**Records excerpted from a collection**
● ● ● ● ●

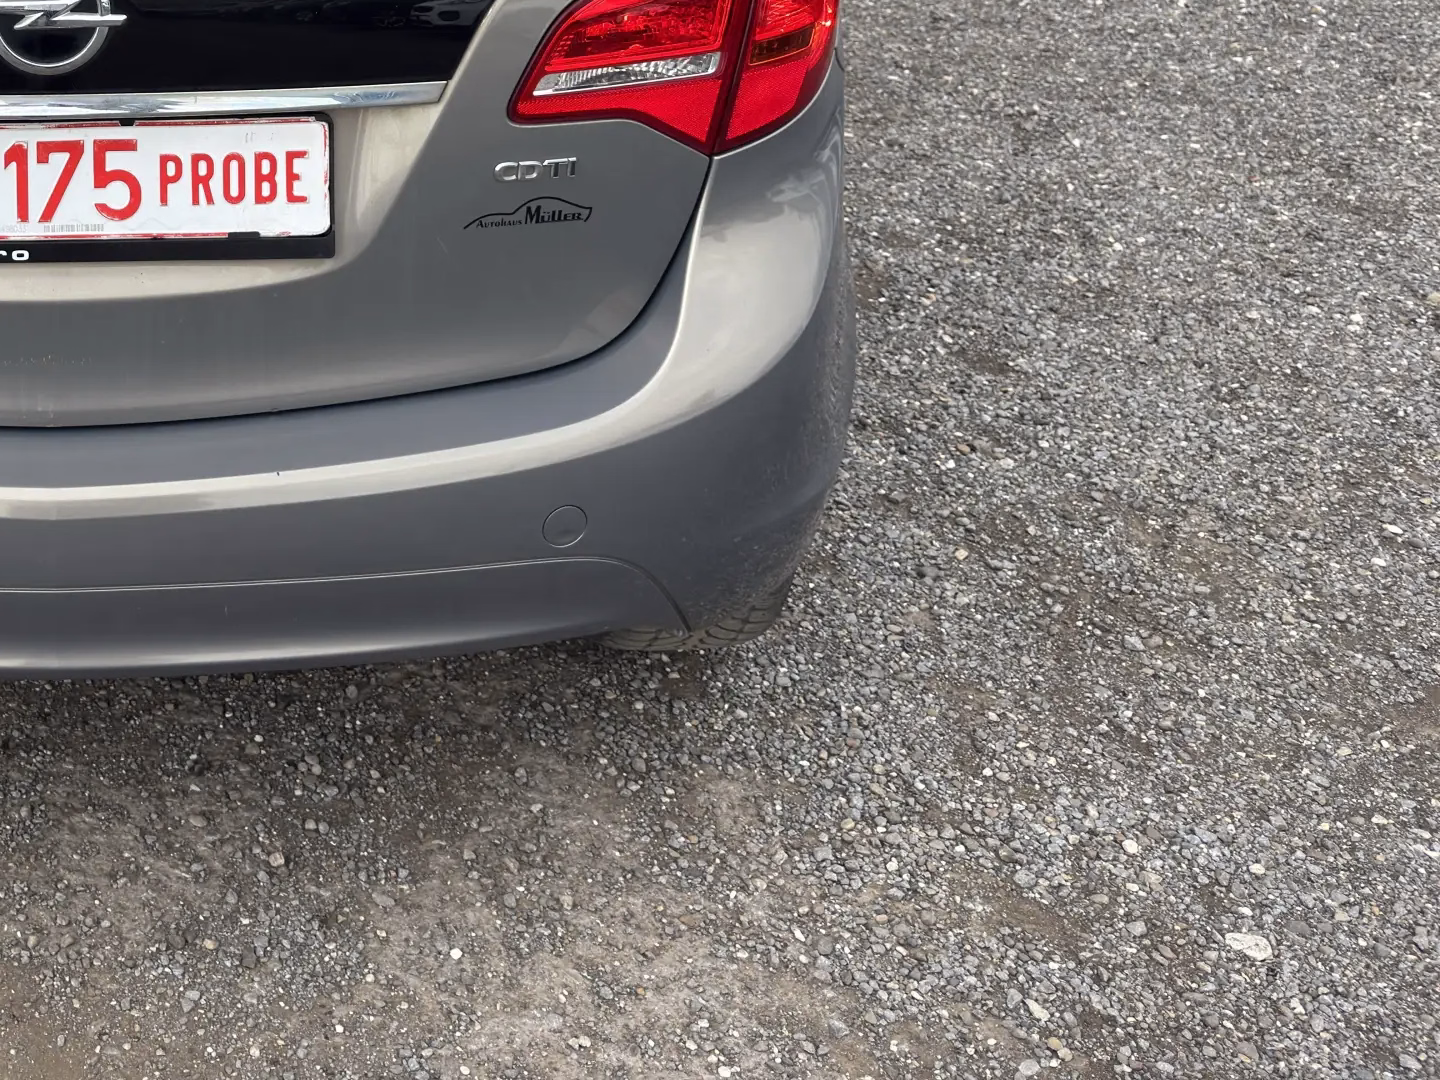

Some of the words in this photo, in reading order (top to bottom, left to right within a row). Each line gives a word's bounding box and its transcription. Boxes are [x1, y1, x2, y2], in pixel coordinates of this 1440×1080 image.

[4, 139, 142, 224] 175
[159, 150, 309, 207] PROBE
[493, 156, 577, 183] CDTI
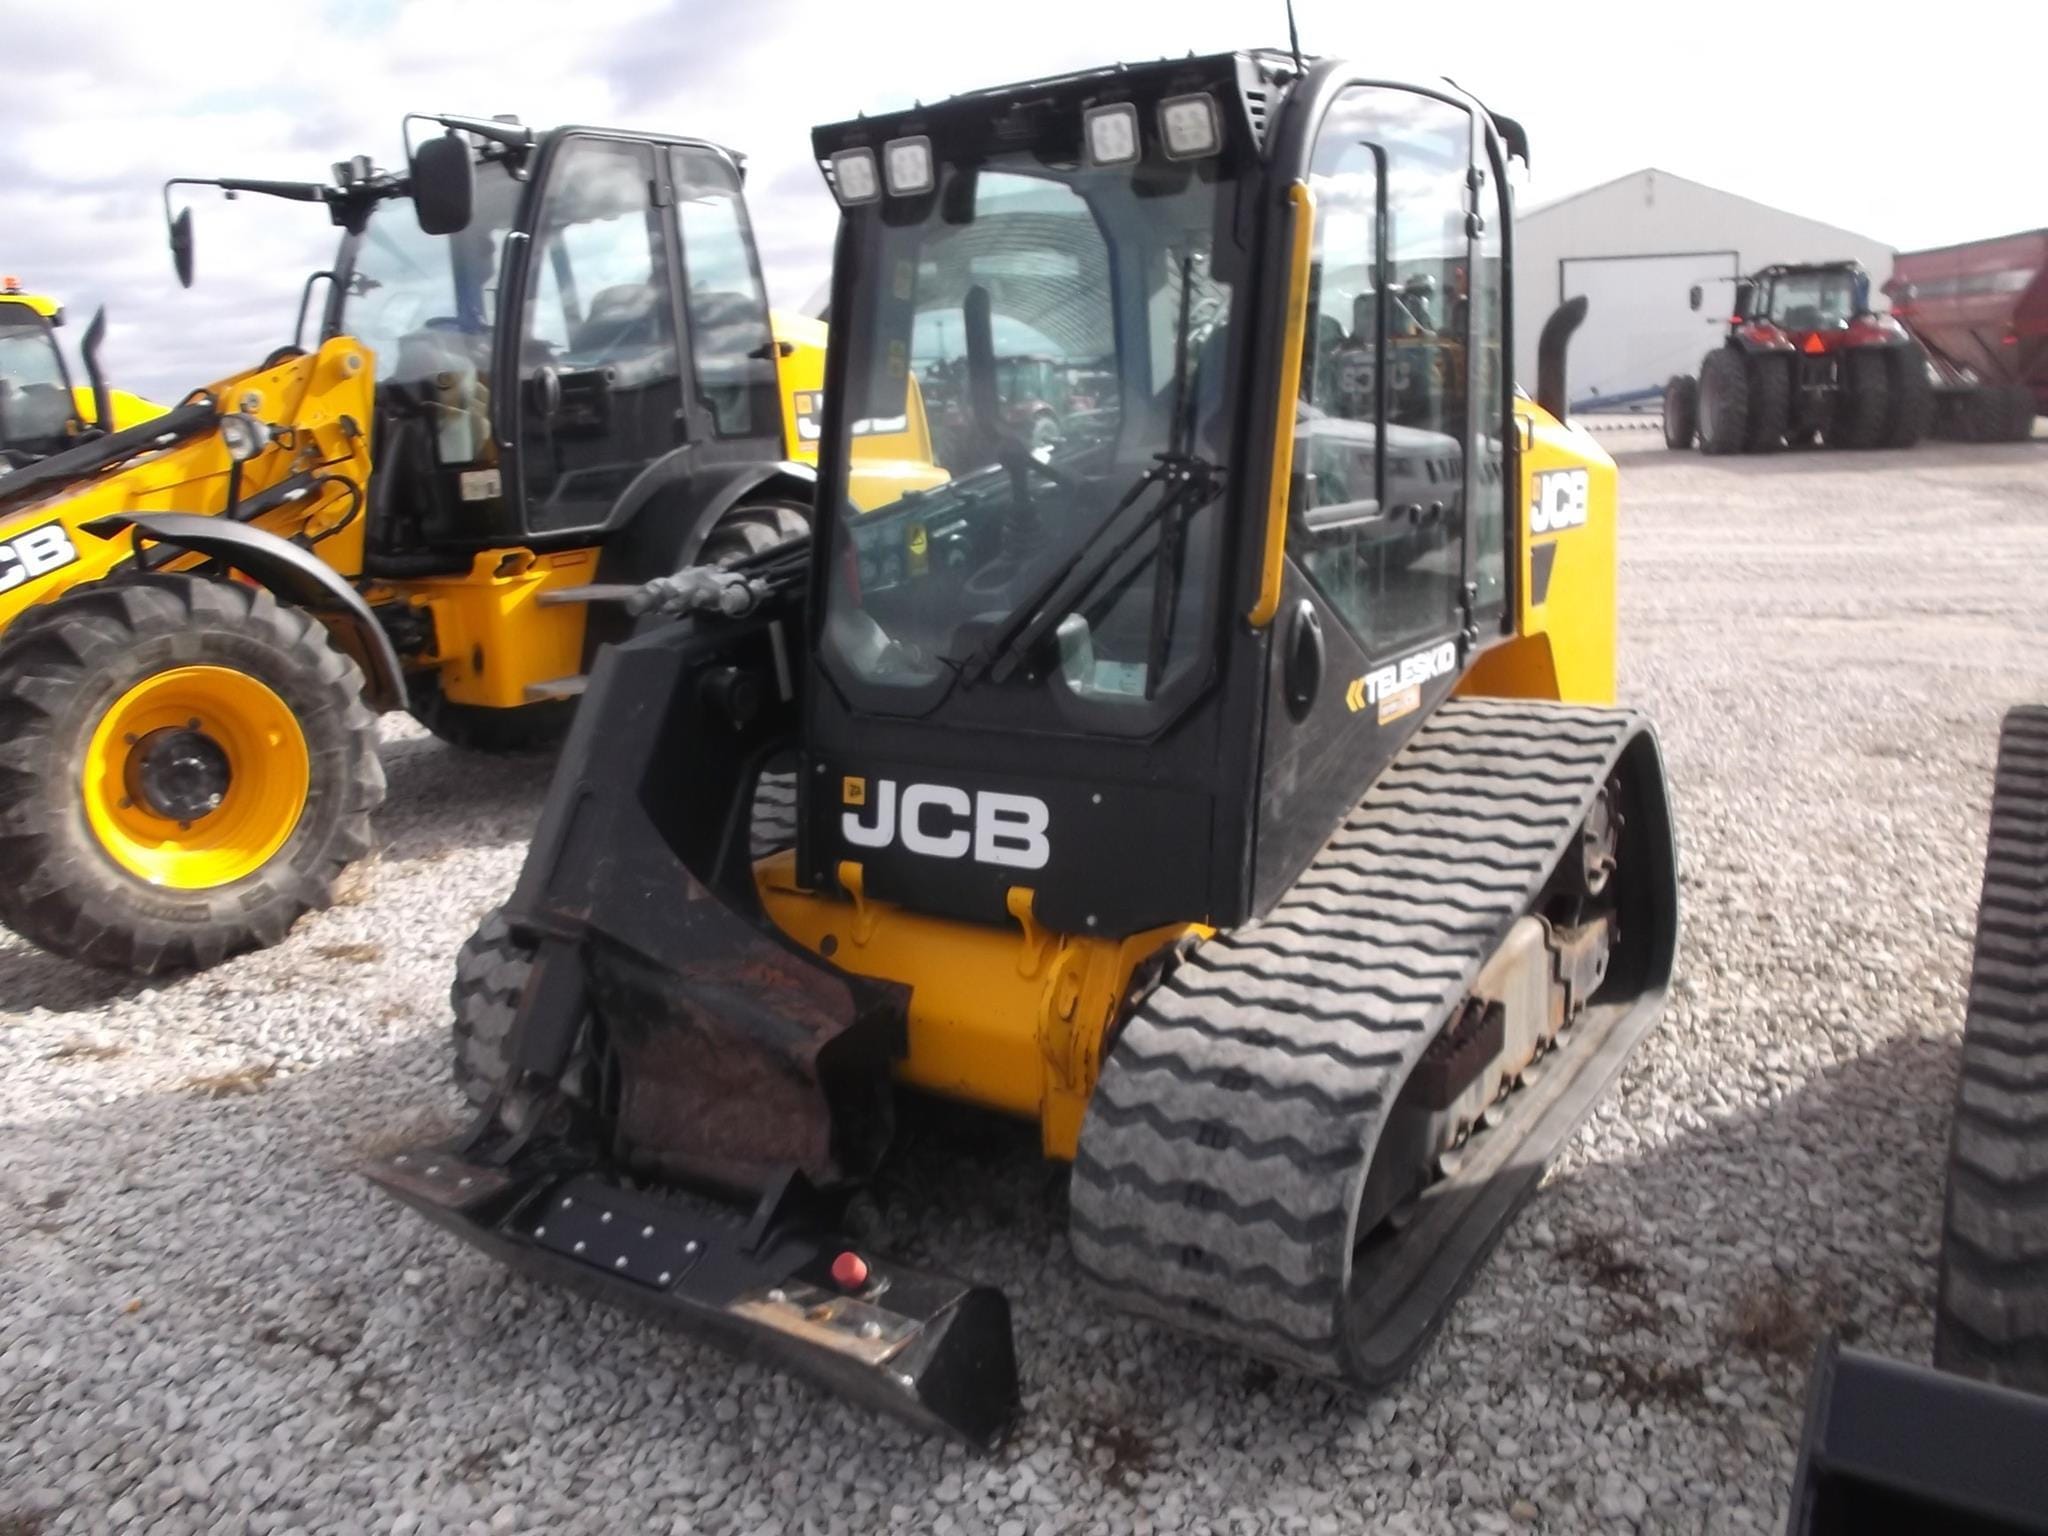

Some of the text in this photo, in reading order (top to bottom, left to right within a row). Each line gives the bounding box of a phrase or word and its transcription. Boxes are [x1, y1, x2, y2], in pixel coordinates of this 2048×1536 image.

[1531, 470, 1588, 532] JCB
[1365, 642, 1455, 704] TELESKID
[842, 779, 1050, 870] JCB

● ● ● ● ●

**WHAT IS REQUIRED**
Give back, exactly and with nothing added, the lines from the line containing "Some of the text" through the final line of the records above, both of them included.

**ANSWER FOR THE TASK**
Some of the text in this photo, in reading order (top to bottom, left to right within a row). Each line gives the bounding box of a phrase or word and its transcription. Boxes are [x1, y1, x2, y2], in pixel coordinates of this 2048×1536 image.

[1531, 470, 1588, 532] JCB
[1365, 642, 1455, 704] TELESKID
[842, 779, 1050, 870] JCB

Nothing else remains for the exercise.